Sept 14 (Reuters) - SoftBank Group (9984.T) CEO Masayoshi Son was in San Francisco on Wednesday when he joined a call with his bankers in New York to make a final decision about his company's most valuable asset: chip designer Arm Holdings (ARM.O).
Arm's blockbuster initial public offering (IPO) was oversubscribed by 12 times, and could have been priced at $52 per share, above the indicated range of $47 to $51, people familiar with the matter said.
But the bankers, who had huddled at the offices of SoftBank's financial advisor Raine Group, argued it was better to leave the additional $1 per share -- equivalent to about $1 billion in value -- on the table. They said doing so could yield a bigger pop when the stock debuts on Nasdaq on Thursday, projecting it could trade between $57 and $62 based on feedback from investors.
Son accepted the banks' recommendation, valuing Arm at $54.5 billion on a fully diluted basis.
The behind-the-scenes details on the IPO pricing decision are based on interviews with three people familiar with the discussions. Together with other previously unreported deliberations, they shed new light on why SoftBank took a conservative approach in valuing Arm in the IPO.
That decision came because SoftBank was concerned that the Vision Fund remaining an investor would weigh on Arm's shares after the IPO, given that it would be seeking to cash out quickly, the sources said.
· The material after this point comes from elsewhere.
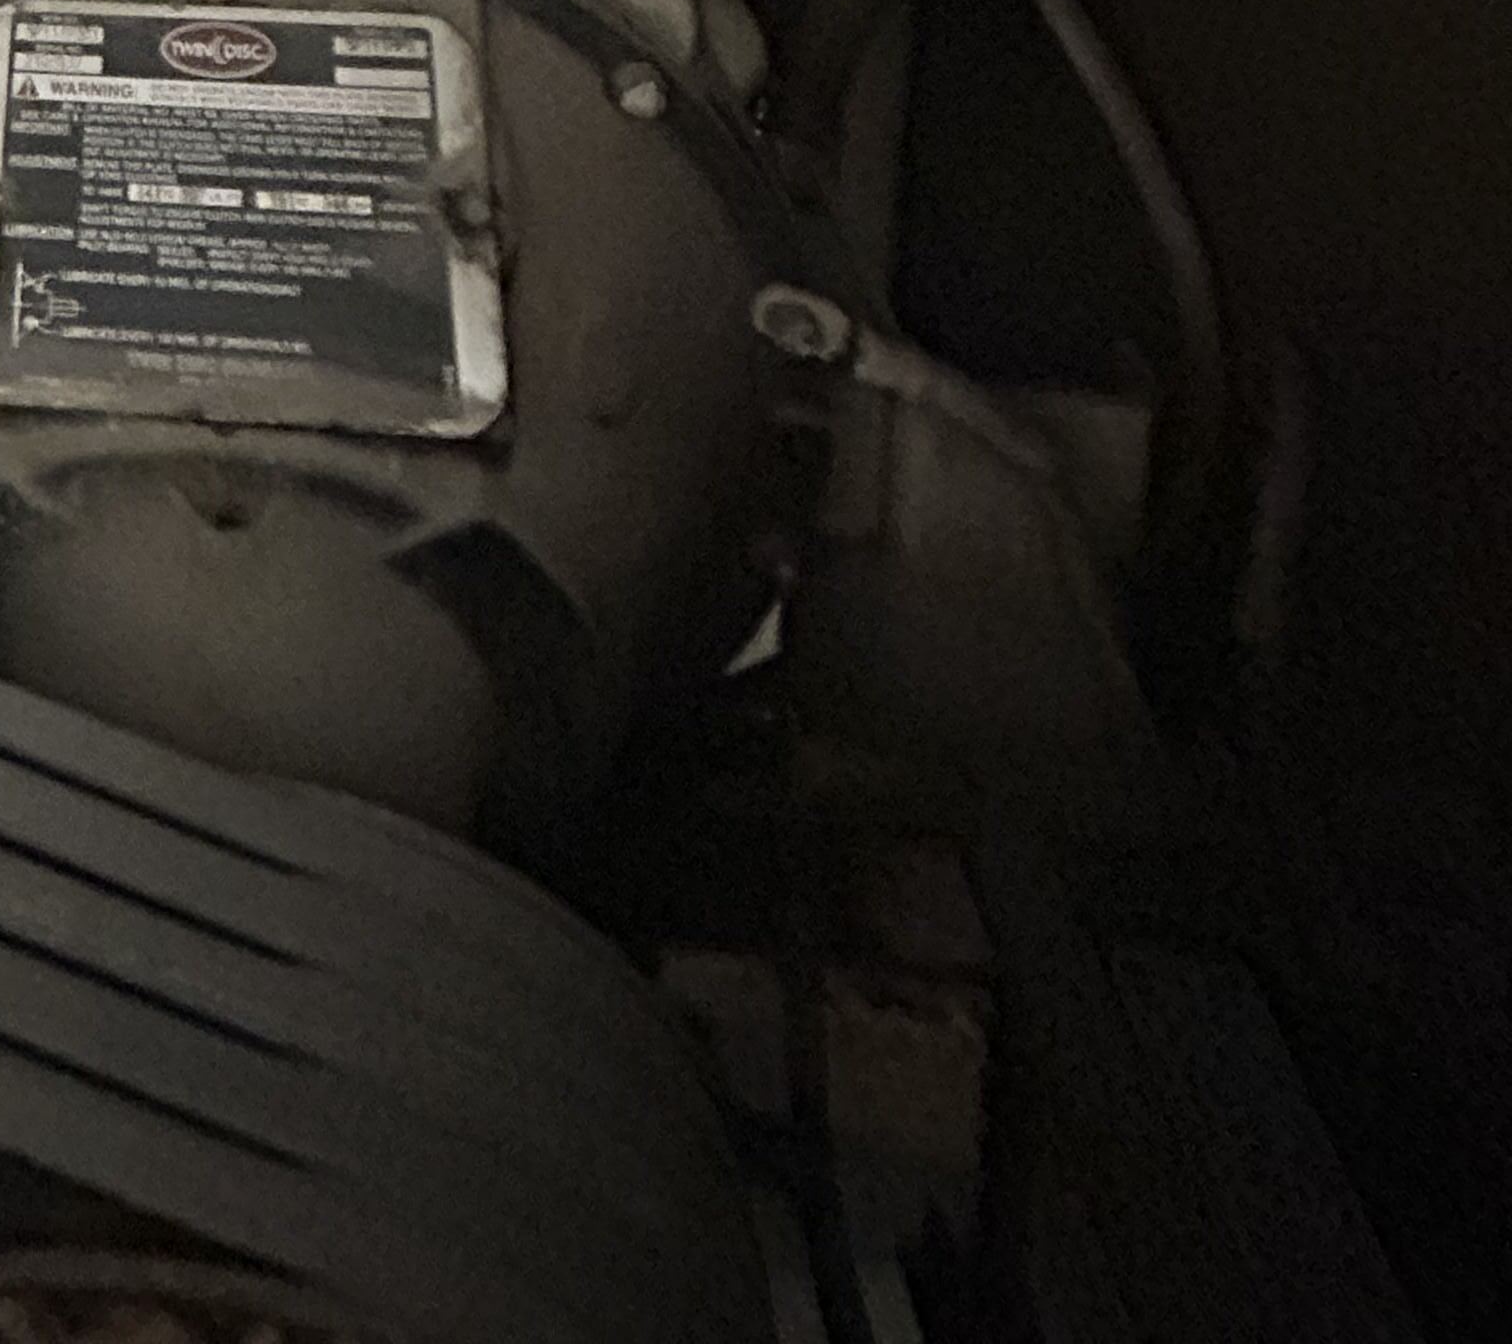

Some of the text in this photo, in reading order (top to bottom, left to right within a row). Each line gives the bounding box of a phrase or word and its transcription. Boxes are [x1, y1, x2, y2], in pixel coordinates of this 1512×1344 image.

[171, 40, 267, 61] TWIN DISC
[48, 79, 136, 99] WARNING
At the same time, the deal allowed SoftBank, which has previously explored raising a new private equity fund, the chance to boost the Vision Fund's returns, the sources said. Investors including Saudi Arabia's Public Investment Fund (PIF) and Abu Dhabi's Mubadala were keen to cash out after nursing losses on many of SoftBank's previous bets that soured, the sources said.
Representatives for Arm, SoftBank, PIF, Mubadala and Raine either declined to comment or did not immediately respond to requests for comment.
To stress its long-term commitment to Arm, SoftBank has told investors it will remain a majority owner, and decided against selling more shares beyond the 9.4% stake it was already marketing when the IPO became oversubscribed, the sources said.
SoftBank also told IPO investors that the $64 billion valuation "was established by reference to the terms of a prior contractual arrangement" with the Vision Fund and that it should not be seen as an indication of Arm's true value, according to a regulatory filing. It did not provide details on what the terms of that agreement were.
VISION FUND BOUNCEBACK
The Vision Fund returned to profitability in the latest quarter thanks to investors' excitement around artificial intelligence boosting the value of some of the startups in which it invested.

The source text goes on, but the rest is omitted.